======== Supplied data ========

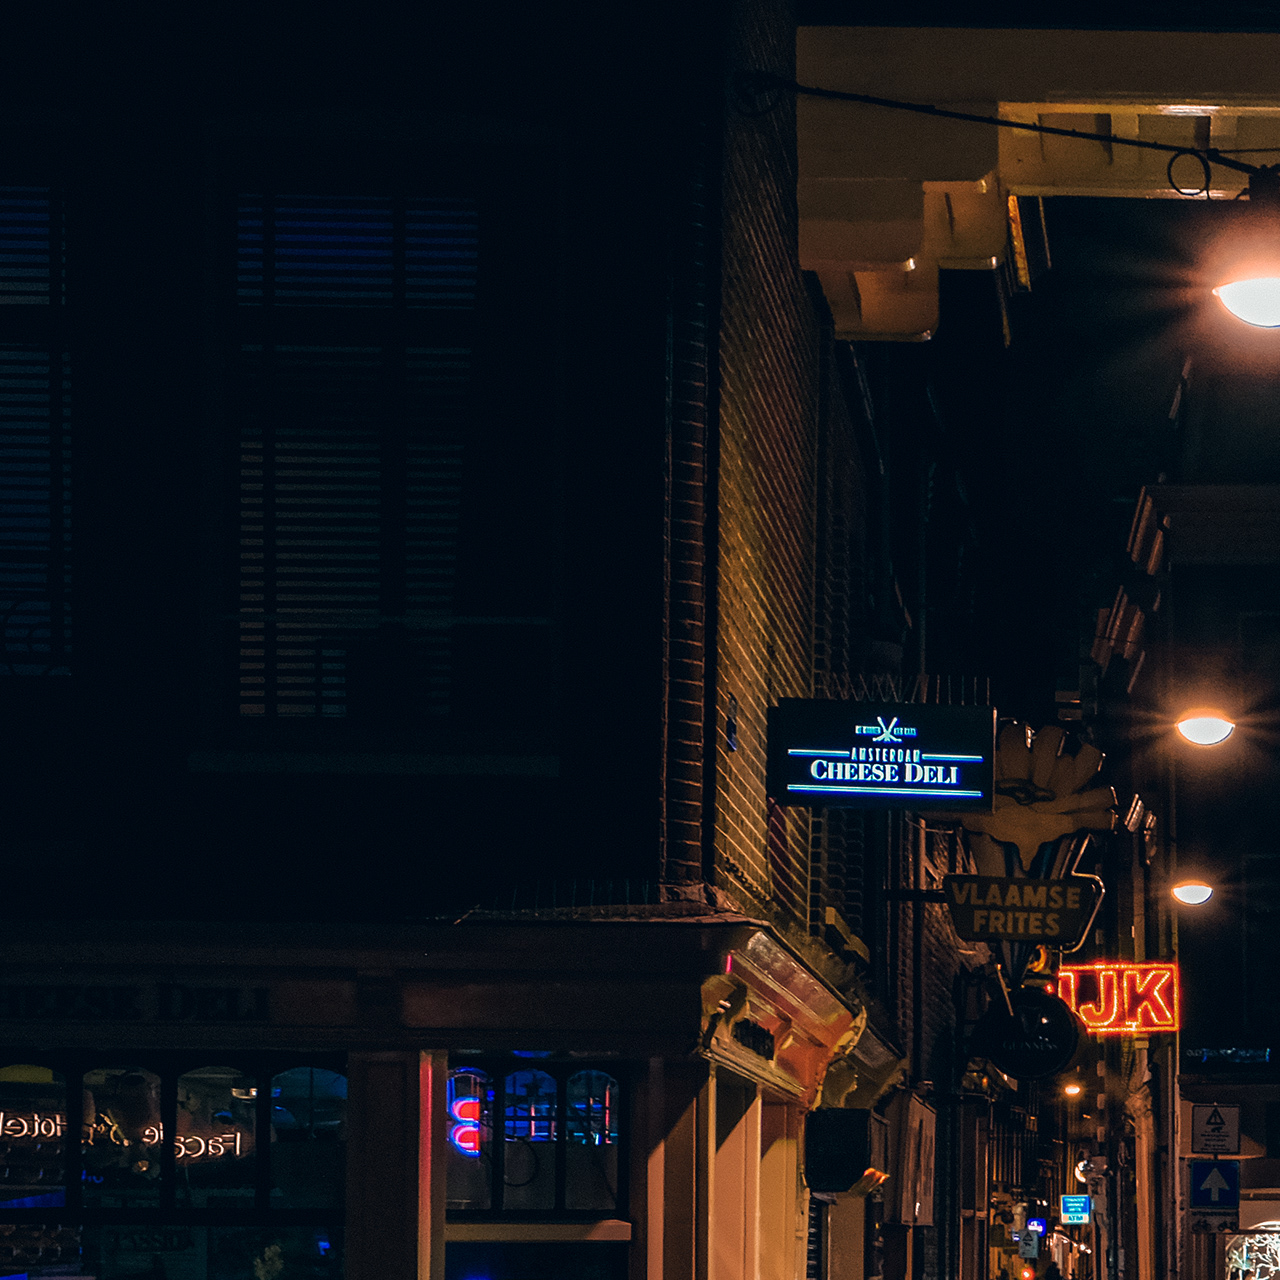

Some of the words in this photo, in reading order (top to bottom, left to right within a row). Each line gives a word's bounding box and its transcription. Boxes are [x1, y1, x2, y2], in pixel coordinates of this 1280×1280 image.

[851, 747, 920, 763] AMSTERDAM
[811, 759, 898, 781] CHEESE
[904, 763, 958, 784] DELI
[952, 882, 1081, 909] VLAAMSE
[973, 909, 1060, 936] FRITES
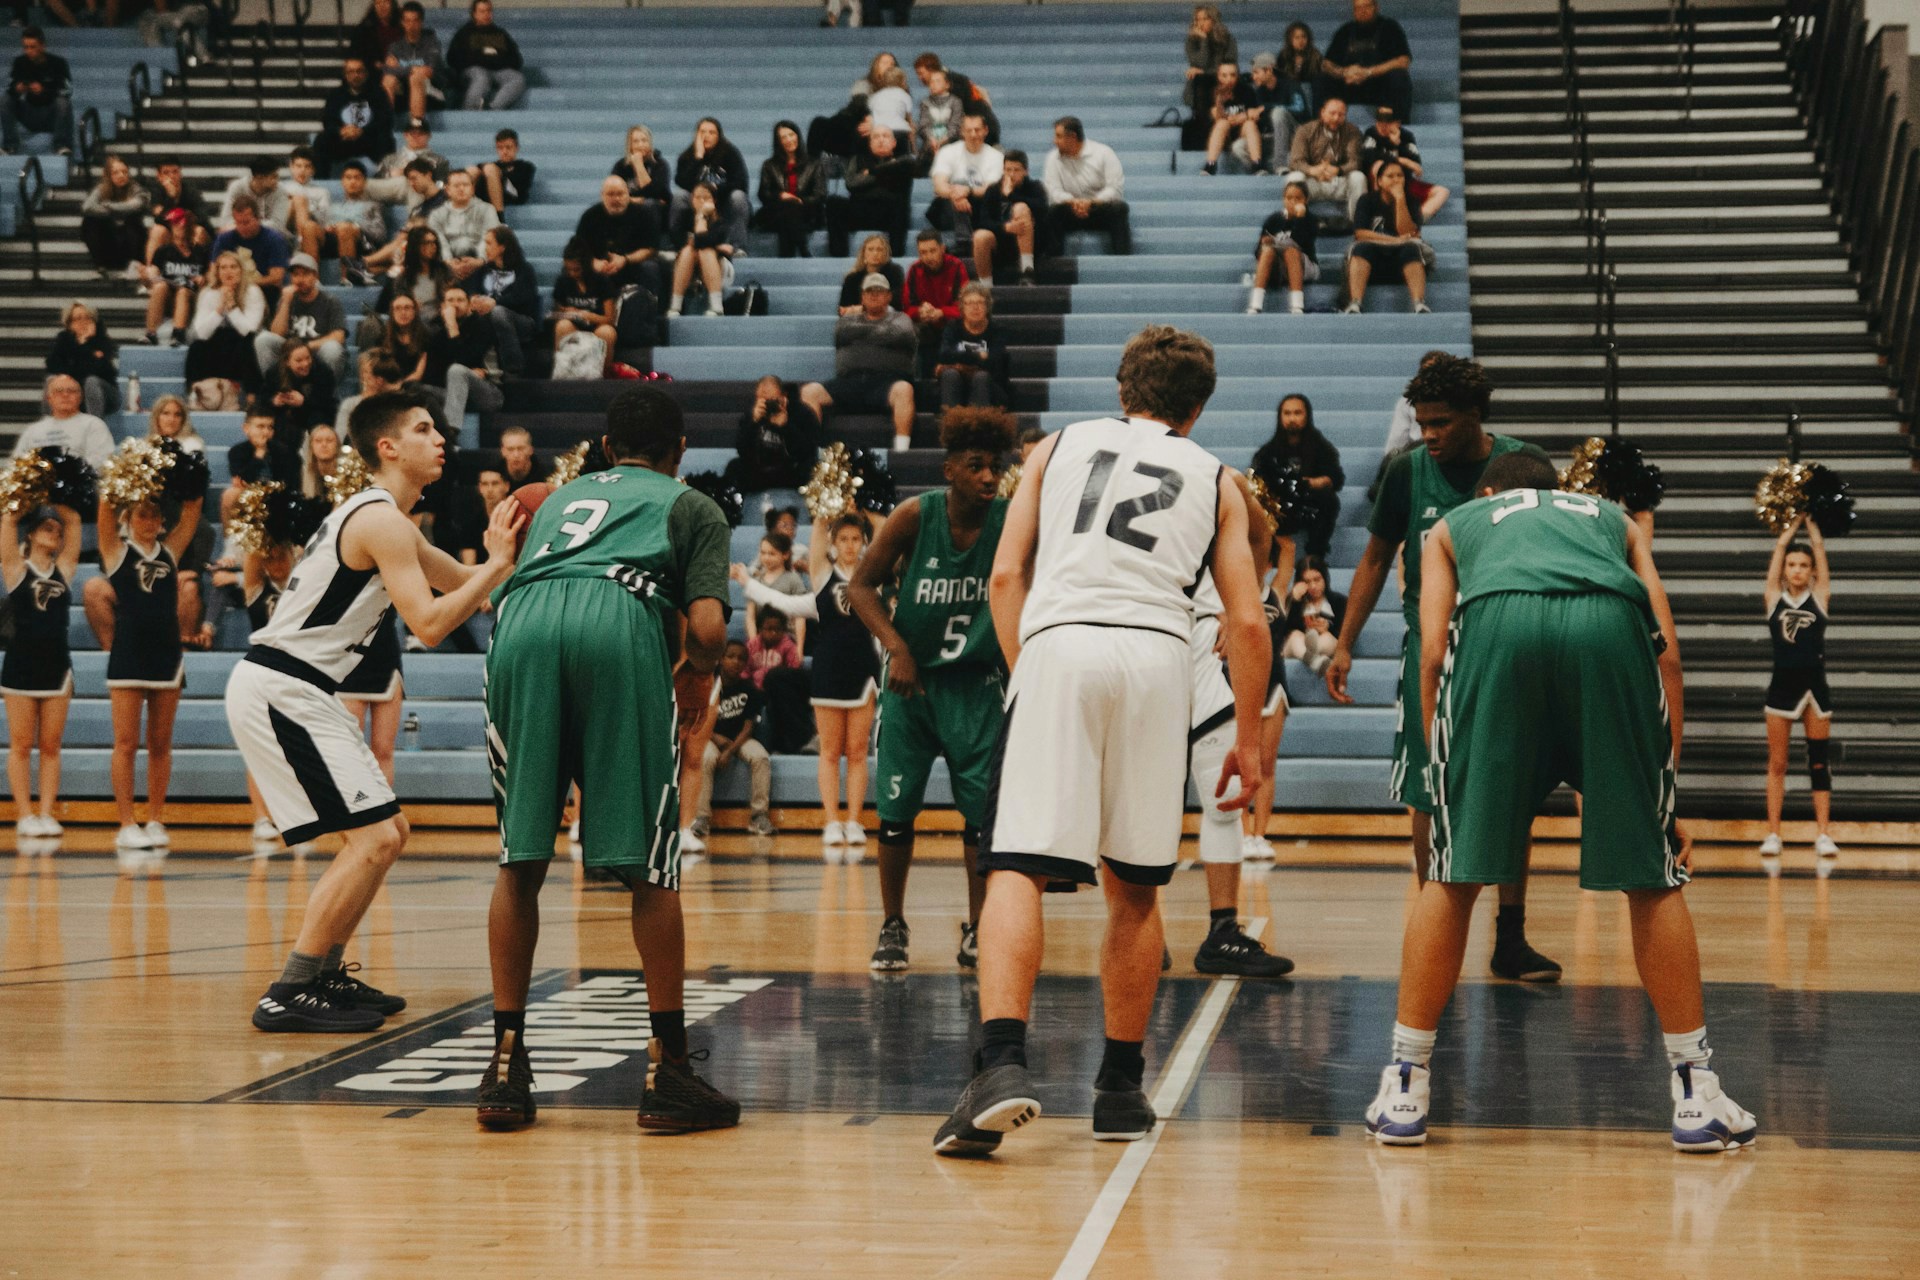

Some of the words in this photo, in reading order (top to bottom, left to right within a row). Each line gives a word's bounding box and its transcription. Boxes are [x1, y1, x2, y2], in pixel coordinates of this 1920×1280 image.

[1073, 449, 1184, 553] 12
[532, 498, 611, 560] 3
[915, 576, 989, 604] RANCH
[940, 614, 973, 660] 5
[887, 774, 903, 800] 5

========

Your task: Leave the pictures behind and repeat each entry exactly.

Result for this exercise:
Some of the words in this photo, in reading order (top to bottom, left to right within a row). Each line gives a word's bounding box and its transcription. Boxes are [x1, y1, x2, y2], in pixel coordinates of this 1280×1280 image.

[851, 747, 920, 763] AMSTERDAM
[811, 759, 898, 781] CHEESE
[904, 763, 958, 784] DELI
[952, 882, 1081, 909] VLAAMSE
[973, 909, 1060, 936] FRITES

Some of the words in this photo, in reading order (top to bottom, left to right within a row). Each line gives a word's bounding box and its transcription. Boxes are [x1, y1, x2, y2], in pixel coordinates of this 1920×1280 image.

[1073, 449, 1184, 553] 12
[532, 498, 611, 560] 3
[915, 576, 989, 604] RANCH
[940, 614, 973, 660] 5
[887, 774, 903, 800] 5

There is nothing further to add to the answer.